Halfway through my head was nipping. Like Terri, I ran away, knowing I was destined to be yet another psychology graduate who would go through life with only a half-baked understanding of the theory of probability.

So I sympathised with Terri and said: "Too right. Off you go. Forget all about those nasty computers." Well, no I didn't, actually. We had a chat and she decided she'd have a quick ciggie outside and then go back and persevere. Not being able to explain the theory of probability hasn't bothered me too much up until now, but I find it hard to imagine how Terri will cope without a working knowledge of IT. It's a core skill, as important as literacy and numeracy.

Terri is a nervous beginner in a new skill, but she'll gain confidence. My digital media learners are already experts in their field, but their learning is taking them into demanding new areas. John and Eddie were considering their option choices, and wondering about journalism. Would it be useful? Where did it sit with web design?

I thought about the virtual learning environment I had just finished producing. My skills there were those of educator, and also subject specialist. Creating the course online, however, meant I had to upskill in web page creation so that the pages were alive and interactive. Could I have produced it without learning these new skills? Would I have been able to design the course in print, and then ask my digital media learners to create useful pages online? I don't think so. The interface between content and production has worn away.

The content of the course was heavily influenced by, and in a sense created by, the means of production available. As Marshall McLuhan said, the medium is the message.
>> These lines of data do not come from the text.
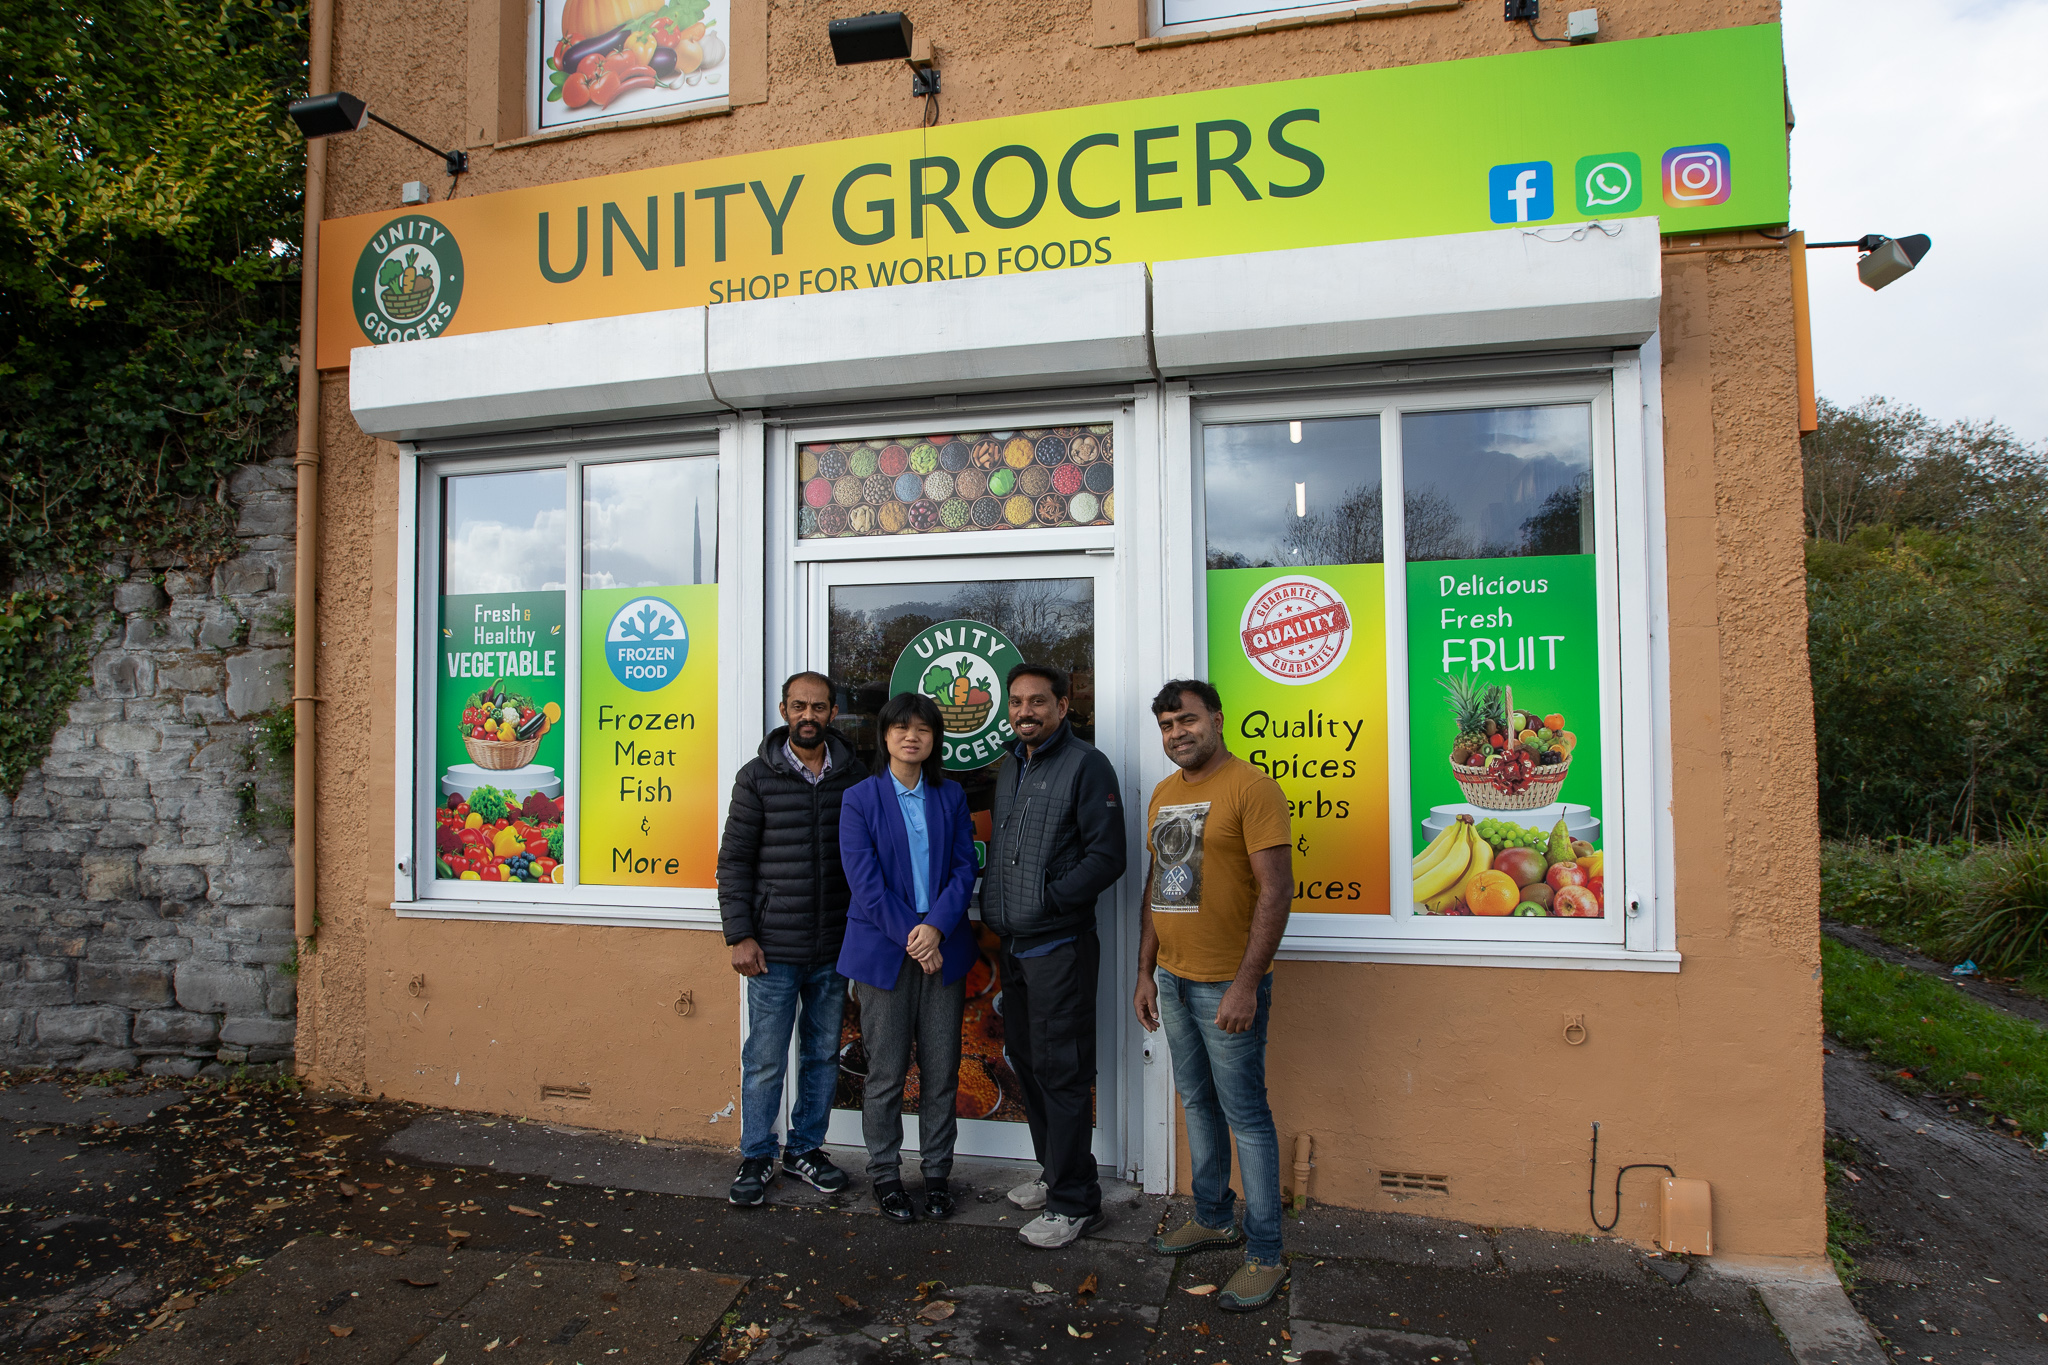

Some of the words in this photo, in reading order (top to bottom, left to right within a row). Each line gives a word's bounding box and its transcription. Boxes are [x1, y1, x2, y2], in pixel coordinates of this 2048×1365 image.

[538, 174, 804, 284] UNITY
[831, 108, 1325, 246] GROCERS
[372, 221, 445, 254] UNITY
[709, 272, 789, 305] SHOP
[799, 264, 859, 296] FOR
[867, 251, 987, 287] WORLD
[998, 237, 1112, 272] FOODS
[364, 301, 452, 344] GROCERS
[1439, 574, 1548, 597] Delicious
[475, 602, 521, 623] Fresh
[524, 609, 531, 621] &
[1256, 587, 1318, 617] GUARANTEE
[1252, 611, 1336, 649] QUALITY
[1441, 606, 1513, 629] Fresh
[474, 625, 536, 648] Healthy
[914, 626, 1006, 659] UNITY
[447, 650, 557, 678] VEGETABLE
[618, 646, 675, 661] FROZEN
[1272, 644, 1335, 673] GUARANTEE
[1442, 635, 1565, 673] FRUIT
[625, 665, 668, 679] FOOD
[598, 705, 695, 731] Frozen
[1241, 709, 1363, 752] Quality
[615, 740, 677, 766] Meat
[942, 718, 1014, 763] OCERS
[1249, 750, 1357, 779] Spices
[620, 776, 672, 802] Fish
[1286, 789, 1350, 819] erbs
[640, 816, 651, 836] &
[1297, 834, 1310, 857] &
[612, 847, 680, 875] More
In the light of that experience, I suggested to them that an ability to create, as well as manipulate text, might well be highly useful to them.

I met Terri the next week in class and she said she had recovered from her panic attack and, yes, she'd gone back to her IT class. At 16, and mastering cut and paste, she's maybe not ready yet to think about the way her life, her learning and her work will be transformed by the digital revolution, or contemplate McLuhan's prophecy about the global village. But will she learn to give up smoking and love the computer?

Probably.

Dr Carol Gow is a lecturer in media at Dundee College.